We here at the SLN Videogame Depot welcome back correspondent Jax Hamleg, who has returned from extended medical leave as a broken yet very opinionated man. Take it away, Jax.
Look me in the eye and tell me something, motherfucker. How many loot boxes have you purchased? With real money. Real dollars that could’ve put food on your family’s fucking table. You make me fucking sick.
Ironically, it was in being sick that my spiral into gaming and despair began. Sick with a case of legs torn off by hurricane force winds and a penchant for buckling my belt four or five notches tighter than was necessary. Sick with a case of hubris. Without my legs or my work but with a steady paycheck and benefits package, I wasted away into a horrid little gremlin, spending hours playing terrible videogames on my overpriced Razer laptop (replete with rainbow light-up keys) and my durable but off-brand android smartphone.

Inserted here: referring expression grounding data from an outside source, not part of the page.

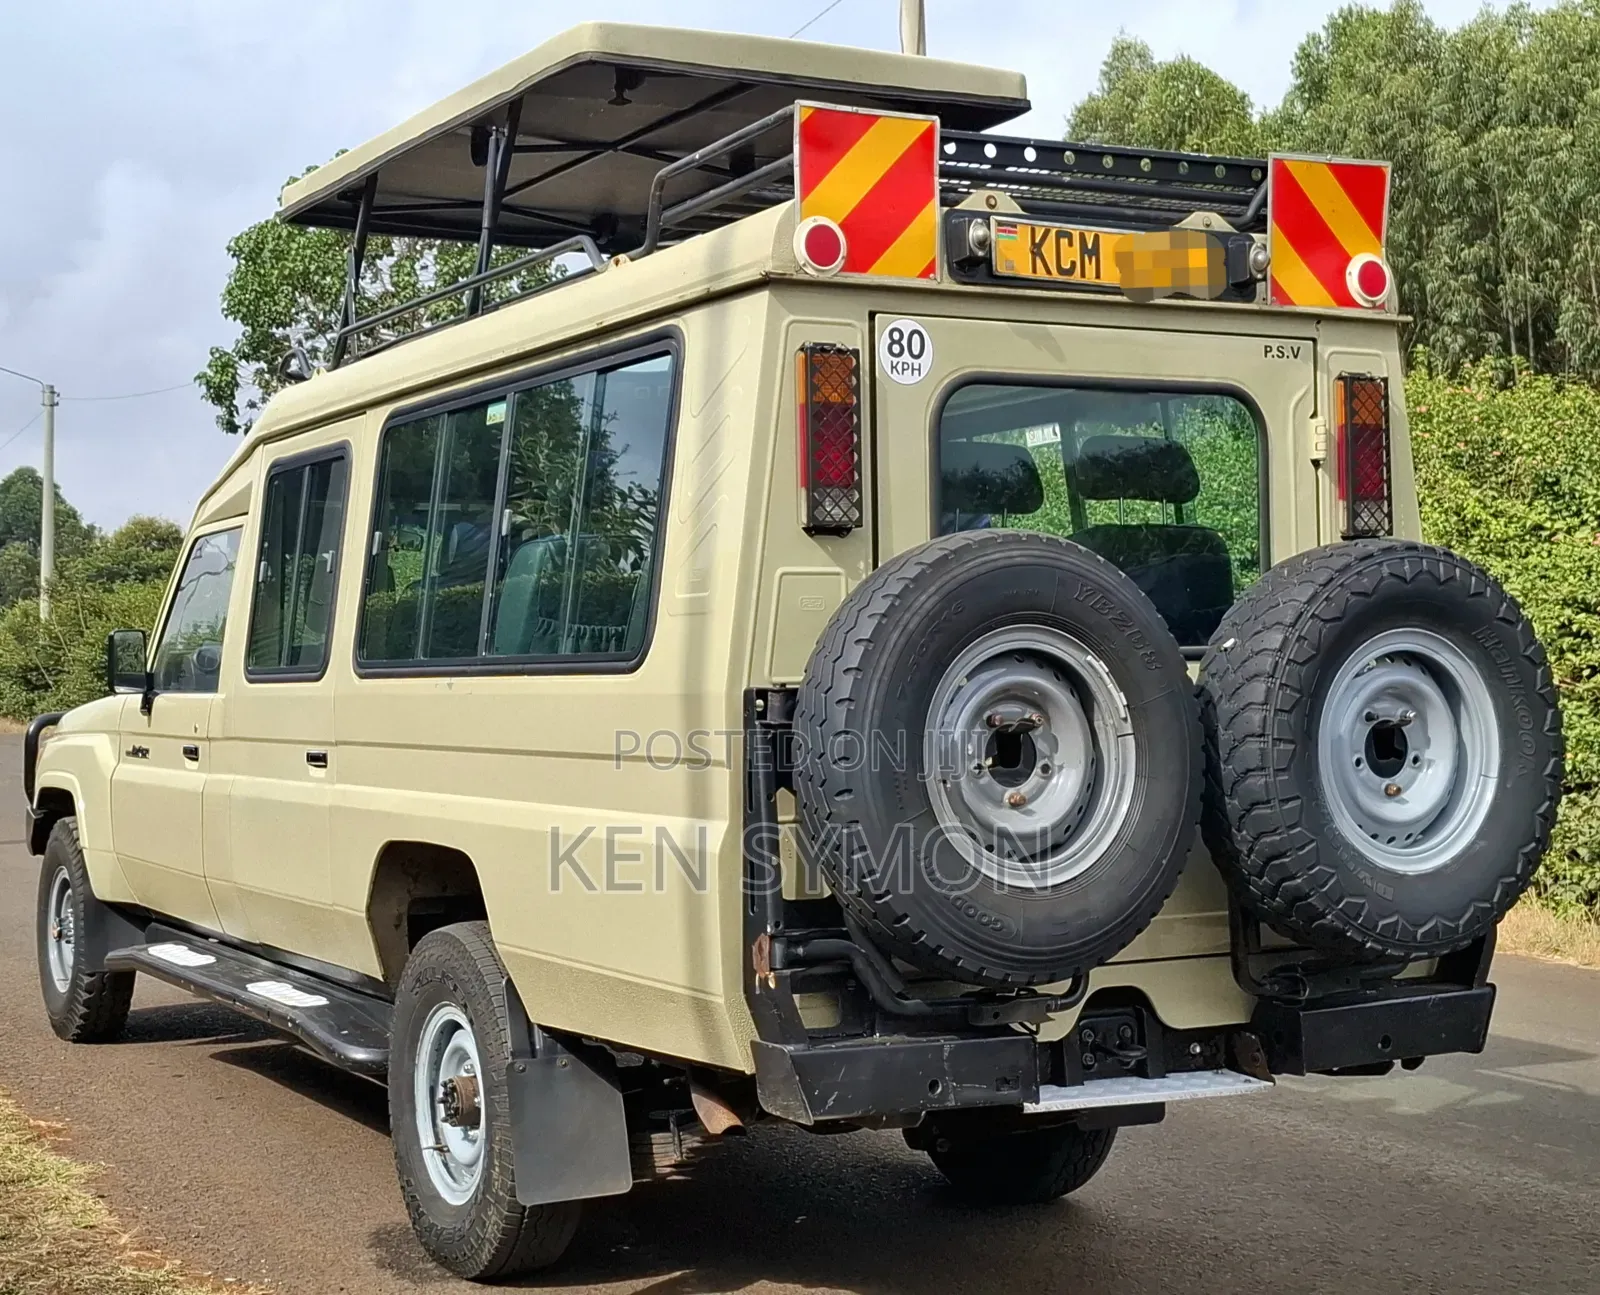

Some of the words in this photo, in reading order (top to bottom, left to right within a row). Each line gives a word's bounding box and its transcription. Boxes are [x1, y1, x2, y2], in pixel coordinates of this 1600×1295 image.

[1029, 225, 1102, 280] KCM
[887, 326, 926, 360] 80
[1263, 344, 1301, 360] P.S.V
[890, 360, 922, 378] KPH
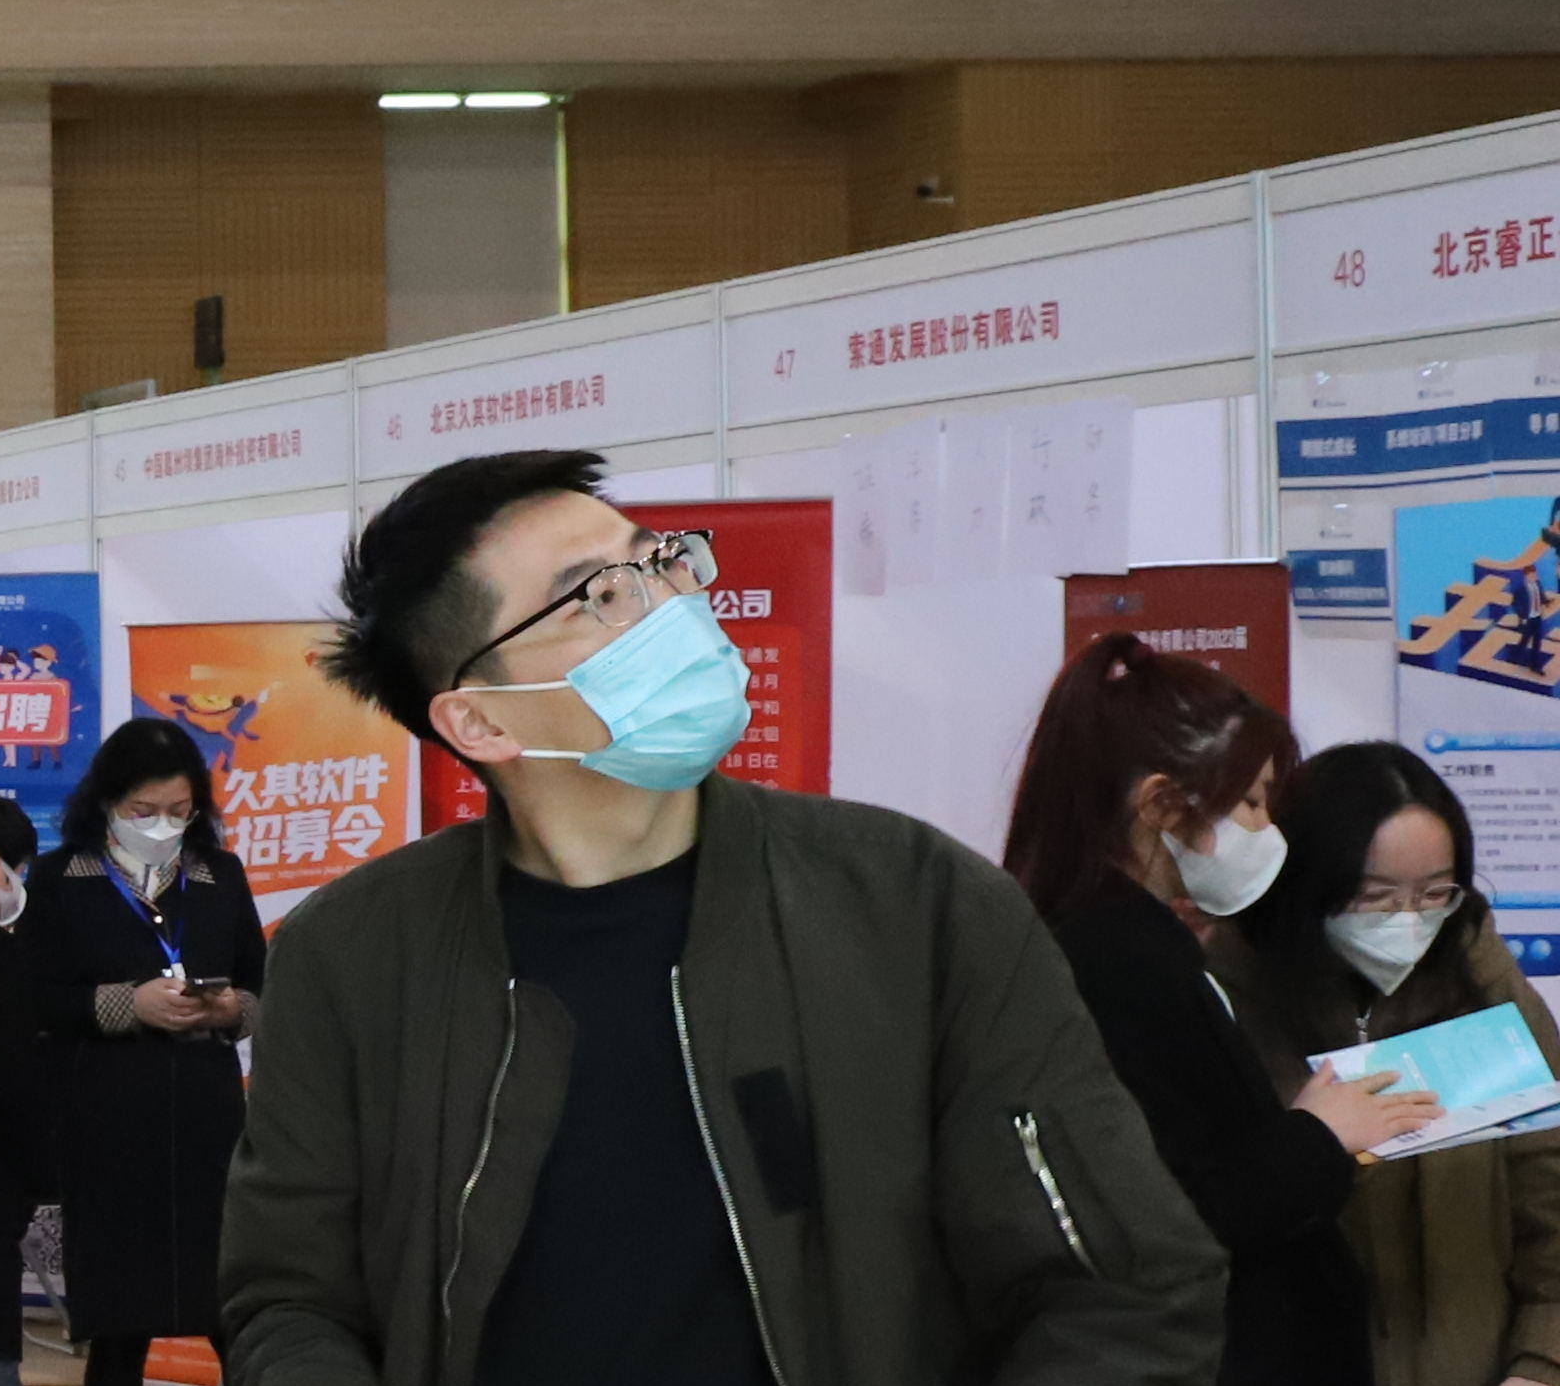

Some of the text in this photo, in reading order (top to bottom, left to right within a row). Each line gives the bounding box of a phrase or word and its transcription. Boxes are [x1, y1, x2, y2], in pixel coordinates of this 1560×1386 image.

I have seen things that would make a normal person laugh awkwardly and find an excuse to leave. Things that would send a chill down your spine if I also explained the very esoteric and technical context surrounding them. I will never again be able to look in the mirror and see a man. I only see something so disgusting it shakes my belief in a loving God. I see a gamer.
Before my Kafka-esque transformation I used to travel to interesting places with a talented and brave cameraman, and I too was brave, because I delivered the news live, as it happened. What do I deliver now? Advice. Advice that comes from a place of deep suffering, in the hope that I can save you from the hell I have made for myself. Advice on which videogame loot boxes offer the best value.